<<<<

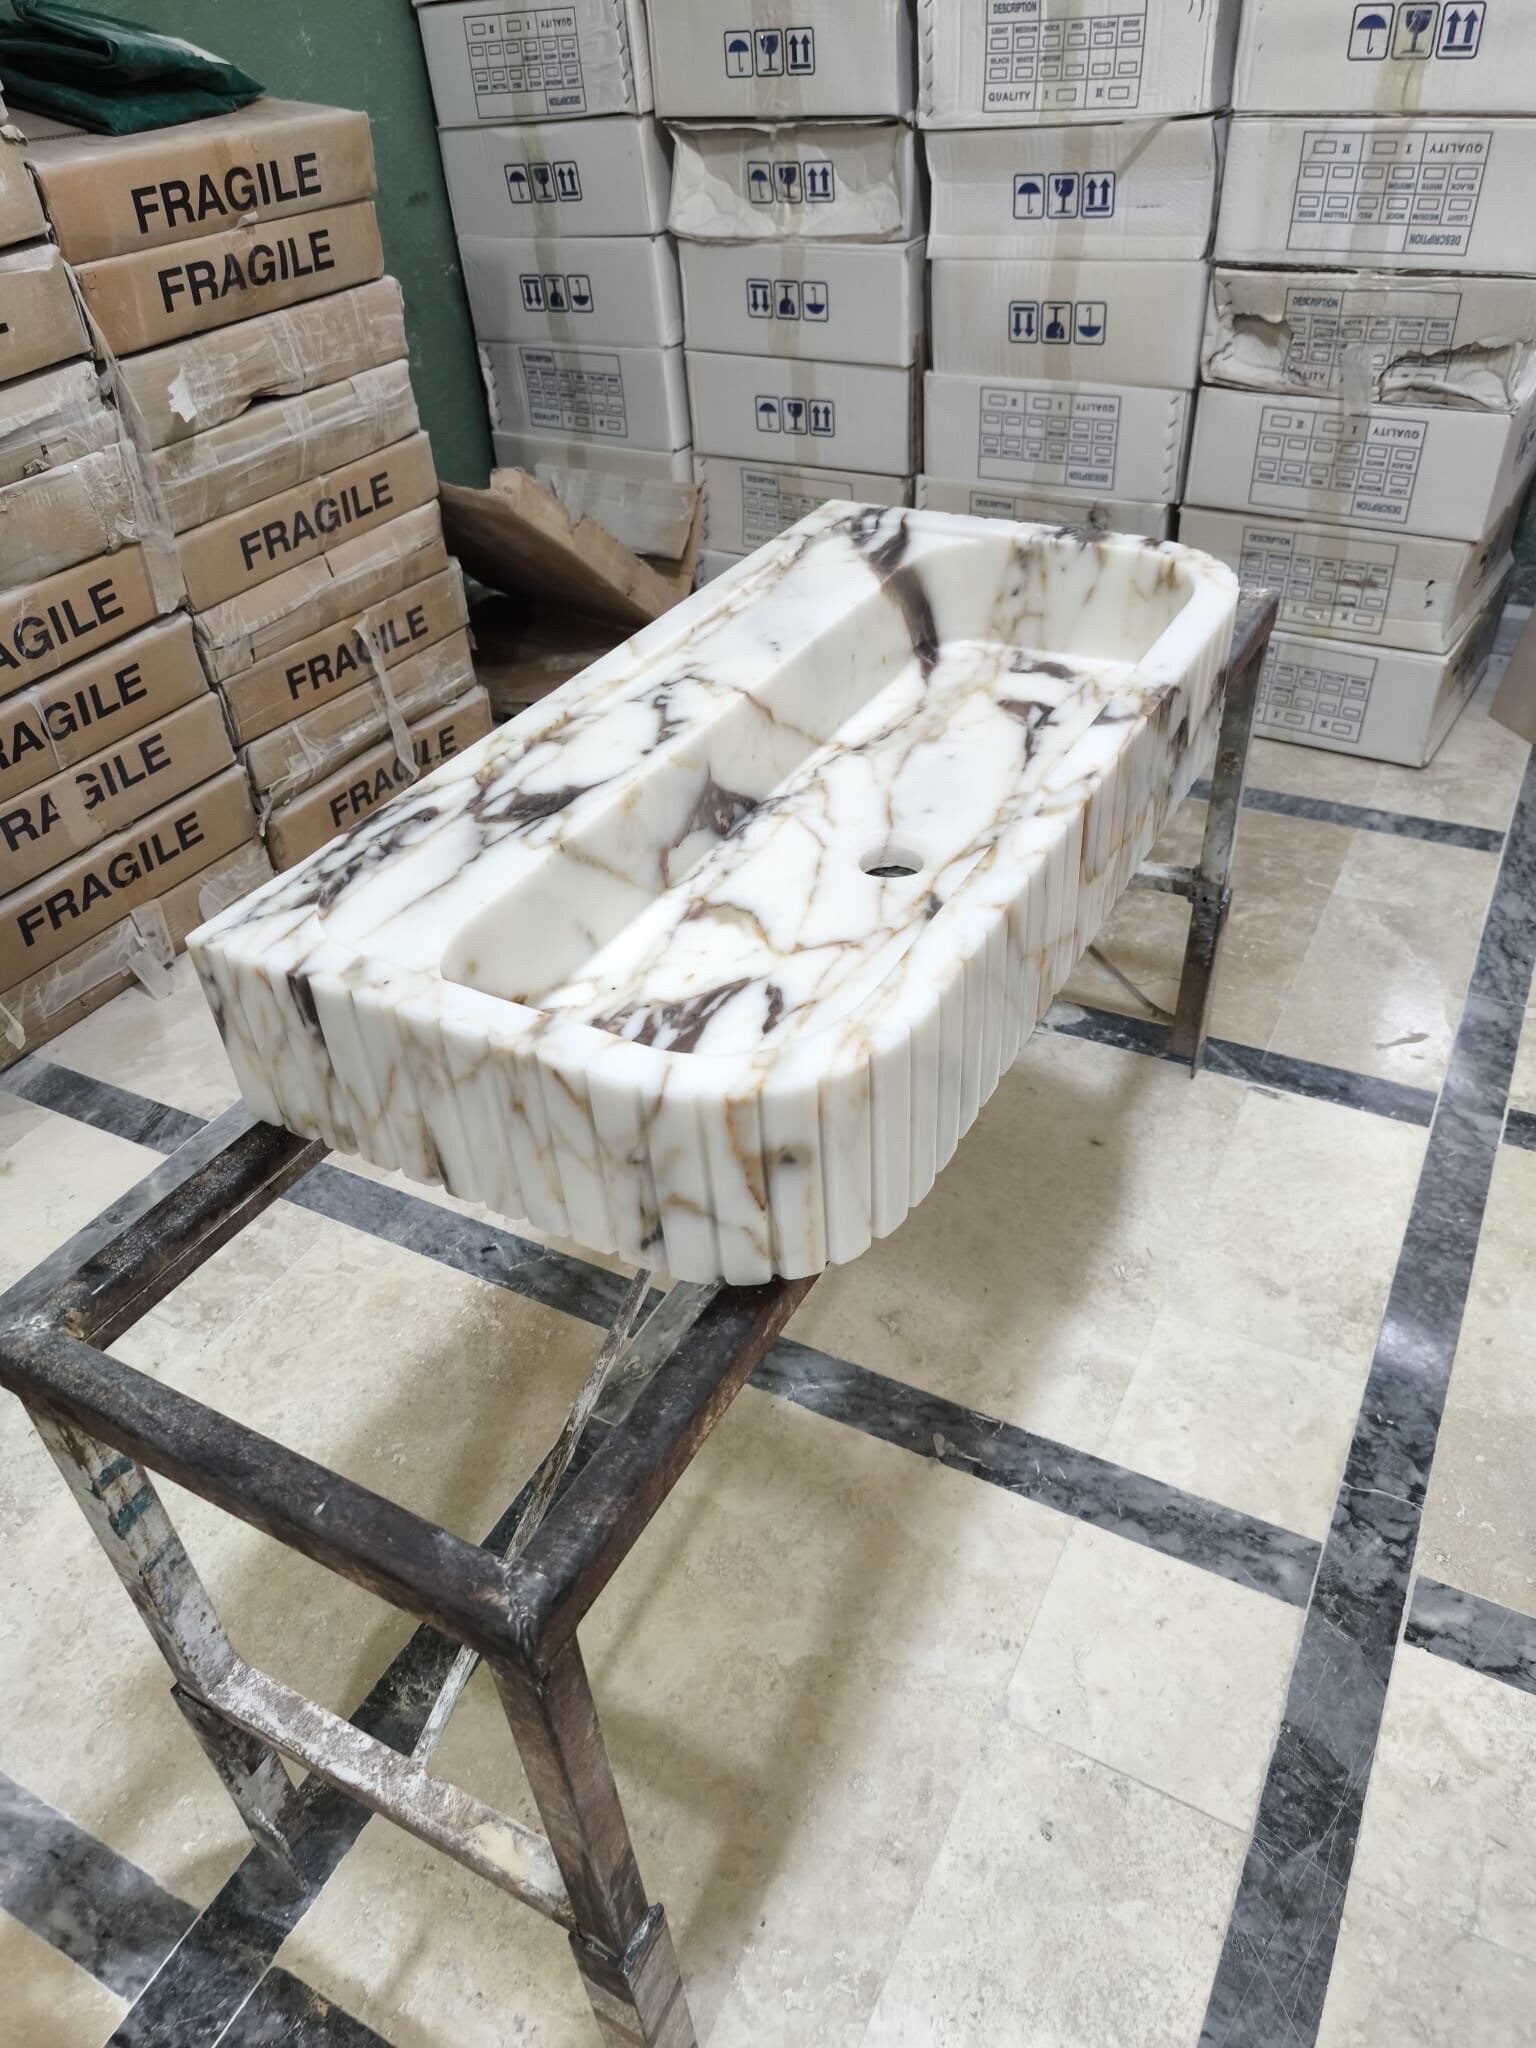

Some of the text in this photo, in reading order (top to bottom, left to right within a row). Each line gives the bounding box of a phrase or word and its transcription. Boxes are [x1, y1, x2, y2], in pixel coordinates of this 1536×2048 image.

[541, 17, 572, 29] QUALITY
[988, 91, 1031, 103] QUALITY
[1429, 143, 1484, 154] QUALITY
[131, 152, 322, 234] FRAGILE
[1450, 183, 1475, 191] BLACK
[1447, 213, 1468, 222] LIGHT
[1409, 233, 1462, 246] DESCRIPTION
[157, 229, 335, 314] FRAGILE
[1075, 402, 1115, 413] QUALITY
[1372, 427, 1420, 440] QUALITY
[239, 472, 393, 571] FRAGILE
[17, 812, 204, 947] FRAGILE

>>>>

> **Problem details**
Make an exact copy of every entry above, but keep the pictures out of it.

> **Response to this exercise**
Some of the text in this photo, in reading order (top to bottom, left to right within a row). Each line gives the bounding box of a phrase or word and its transcription. Boxes are [x1, y1, x2, y2], in pixel coordinates of this 1536×2048 image.

[541, 17, 572, 29] QUALITY
[988, 91, 1031, 103] QUALITY
[1429, 143, 1484, 154] QUALITY
[131, 152, 322, 234] FRAGILE
[1450, 183, 1475, 191] BLACK
[1447, 213, 1468, 222] LIGHT
[1409, 233, 1462, 246] DESCRIPTION
[157, 229, 335, 314] FRAGILE
[1075, 402, 1115, 413] QUALITY
[1372, 427, 1420, 440] QUALITY
[239, 472, 393, 571] FRAGILE
[17, 812, 204, 947] FRAGILE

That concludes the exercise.